Problem description - Print every one of the records verbatim, omitting nothing.

Data provided -

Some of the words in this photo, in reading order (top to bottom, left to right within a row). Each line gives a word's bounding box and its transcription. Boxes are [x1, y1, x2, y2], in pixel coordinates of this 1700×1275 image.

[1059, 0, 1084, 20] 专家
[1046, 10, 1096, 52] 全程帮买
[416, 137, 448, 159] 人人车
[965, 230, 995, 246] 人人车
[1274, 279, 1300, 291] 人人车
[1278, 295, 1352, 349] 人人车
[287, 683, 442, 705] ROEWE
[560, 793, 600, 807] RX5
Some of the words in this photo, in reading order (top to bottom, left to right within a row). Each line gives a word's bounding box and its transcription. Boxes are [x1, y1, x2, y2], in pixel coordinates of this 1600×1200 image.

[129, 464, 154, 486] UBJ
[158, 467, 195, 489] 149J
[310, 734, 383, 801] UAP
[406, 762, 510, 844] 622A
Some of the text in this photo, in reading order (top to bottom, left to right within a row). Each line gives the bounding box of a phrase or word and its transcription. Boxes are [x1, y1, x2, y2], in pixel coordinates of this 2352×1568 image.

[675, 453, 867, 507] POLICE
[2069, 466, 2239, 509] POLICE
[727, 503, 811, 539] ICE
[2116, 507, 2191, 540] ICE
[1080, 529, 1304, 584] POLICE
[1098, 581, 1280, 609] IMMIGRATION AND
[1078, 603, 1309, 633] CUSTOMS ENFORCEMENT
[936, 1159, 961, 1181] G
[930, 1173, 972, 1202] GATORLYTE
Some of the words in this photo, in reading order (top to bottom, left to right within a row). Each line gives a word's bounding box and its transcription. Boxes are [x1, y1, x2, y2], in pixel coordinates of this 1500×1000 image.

Worked solution -
Some of the words in this photo, in reading order (top to bottom, left to right within a row). Each line gives a word's bounding box and its transcription. Boxes are [x1, y1, x2, y2], in pixel coordinates of this 1700×1275 image.

[1059, 0, 1084, 20] 专家
[1046, 10, 1096, 52] 全程帮买
[416, 137, 448, 159] 人人车
[965, 230, 995, 246] 人人车
[1274, 279, 1300, 291] 人人车
[1278, 295, 1352, 349] 人人车
[287, 683, 442, 705] ROEWE
[560, 793, 600, 807] RX5
Some of the words in this photo, in reading order (top to bottom, left to right within a row). Each line gives a word's bounding box and its transcription. Boxes are [x1, y1, x2, y2], in pixel coordinates of this 1600×1200 image.

[129, 464, 154, 486] UBJ
[158, 467, 195, 489] 149J
[310, 734, 383, 801] UAP
[406, 762, 510, 844] 622A
Some of the text in this photo, in reading order (top to bottom, left to right within a row). Each line gives the bounding box of a phrase or word and its transcription. Boxes are [x1, y1, x2, y2], in pixel coordinates of this 2352×1568 image.

[675, 453, 867, 507] POLICE
[2069, 466, 2239, 509] POLICE
[727, 503, 811, 539] ICE
[2116, 507, 2191, 540] ICE
[1080, 529, 1304, 584] POLICE
[1098, 581, 1280, 609] IMMIGRATION AND
[1078, 603, 1309, 633] CUSTOMS ENFORCEMENT
[936, 1159, 961, 1181] G
[930, 1173, 972, 1202] GATORLYTE
Some of the words in this photo, in reading order (top to bottom, left to right within a row). Each line gives a word's bounding box and its transcription. Boxes are [x1, y1, x2, y2], in pixel coordinates of this 1500×1000 image.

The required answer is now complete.